Dealing with the issues of old age might be the most difficult time of dog ownership.

First, have you spoken to your vet about your dog's intolerance of Vetprofen and aspirin? If you haven't already tried it, buffered aspirin might be better tolerated. Give it with food, to help prevent stomach irritation. Since you mentioned you live in California, medical Marijuana is something that might really help your dog. It's good for inflammation and pain, and it won't get your dog high. Here is an article on it:

If you can't get a prescription for medical Marijuana, there is a legal marijuana derivative called Cannabidiol (also known as CBD). This supplement is non-psychoactive. I'd talk this over with your vet, and do a trial run of this supplement to see if it's effective.  Here are a couple of links so you can read up on CBD products, so you and your vet will be able to select a product that might be helpful to your dog (brand suggestions are in the article):

You didn't say what you're feeding your dog. Altering her diet might help prevent the diarrhea that the medication is causing. Adding powdered Slippery Elm to her meals might be very helpful.
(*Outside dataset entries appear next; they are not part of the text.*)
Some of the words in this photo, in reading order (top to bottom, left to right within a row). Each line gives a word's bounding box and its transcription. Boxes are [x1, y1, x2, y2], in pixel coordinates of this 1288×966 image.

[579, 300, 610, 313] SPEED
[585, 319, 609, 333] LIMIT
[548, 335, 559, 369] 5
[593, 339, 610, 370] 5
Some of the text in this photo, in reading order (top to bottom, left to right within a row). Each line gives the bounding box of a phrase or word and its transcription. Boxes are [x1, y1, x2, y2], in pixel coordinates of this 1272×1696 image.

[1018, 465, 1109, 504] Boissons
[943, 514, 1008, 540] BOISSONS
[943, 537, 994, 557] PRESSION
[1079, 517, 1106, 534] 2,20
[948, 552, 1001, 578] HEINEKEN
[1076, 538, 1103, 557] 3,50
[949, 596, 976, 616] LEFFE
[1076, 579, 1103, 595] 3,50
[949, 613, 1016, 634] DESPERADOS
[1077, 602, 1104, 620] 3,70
Slippery Elm is an herbal treatment prepared from the inner bark of the Slippery or Red Elm tree. The term 'slippery' refers to the remarkable viscid gel that is formed when the powdered bark comes in contact with water. Slippery elm is often recommended for acute cases of diarrhea, as well as for conditions like colitis and stomach irritations. The herb helps these digestive ailments by reducing inflammation and lubricating the digestive tract with the help of it's natural mucilage. Many health food stores carry Slippery Elm, if you can find it in powdered form, give a ¼ tsp of powder for every 10 lbs of body weight. Mix the powder into her food or some yogurt.

One of my dearly departed dogs had stomach issues in his later years, my vet prescribed Sucralfate tablets, which like Slippery Elm, coats the stomach to protect it, but Sucralfate won't prevent or help diarrhea like Slippery Elm would. Speak to your vet about this. A dose of Sucralfate before feeding and medicating with Aspirin might help your dog from getting an upset stomach from the aspirin.
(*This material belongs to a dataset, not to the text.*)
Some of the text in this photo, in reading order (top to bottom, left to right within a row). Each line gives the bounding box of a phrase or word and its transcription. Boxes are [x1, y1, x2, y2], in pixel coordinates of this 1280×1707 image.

If you want to treat your dog’s pain without any pills, you might consider the Assisi Loop or tPEMF (targeted pulsed electromagnetic field) therapy. Approved by the FDA for human use, tPEMF has been shown to drastically reduce pain from osteoarthritis, diminish swelling after surgery, and can help heal wounds and acute injuries faster.
The Assisi Loop is a light, portable 7.5-inch loop of wire that emits a football-shaped field of electromagnetic waves. Simply place the Loop over the place where your dog is sore and press the “on” button. When using the Assisi Loop for two (or more) 15-minute treatments per day, pet owners have seen an incredible reduction in pain in their animal companions. As a completely safe, non-pharmaceutical and non-invasive therapy, owners can also rest assured that there are no negative effects like there can be with medications. Read about these options here:

Giving your dog a good quality puppy food might help her gain some weight. It has more calories and nutrients than adult dog foods. Look for one with a named source of meat as the first ingredient. Start out slow, mix just a little bit into her regular food, and if it's tolerated give a little more of the puppy food at each feeding over the course of a week, until she's just eating the puppy food. Look for a food that's 30% protein and 20% fat it's dry kibble, or 7% protein and 5% fat, or higher, if you’re feeding a wet food.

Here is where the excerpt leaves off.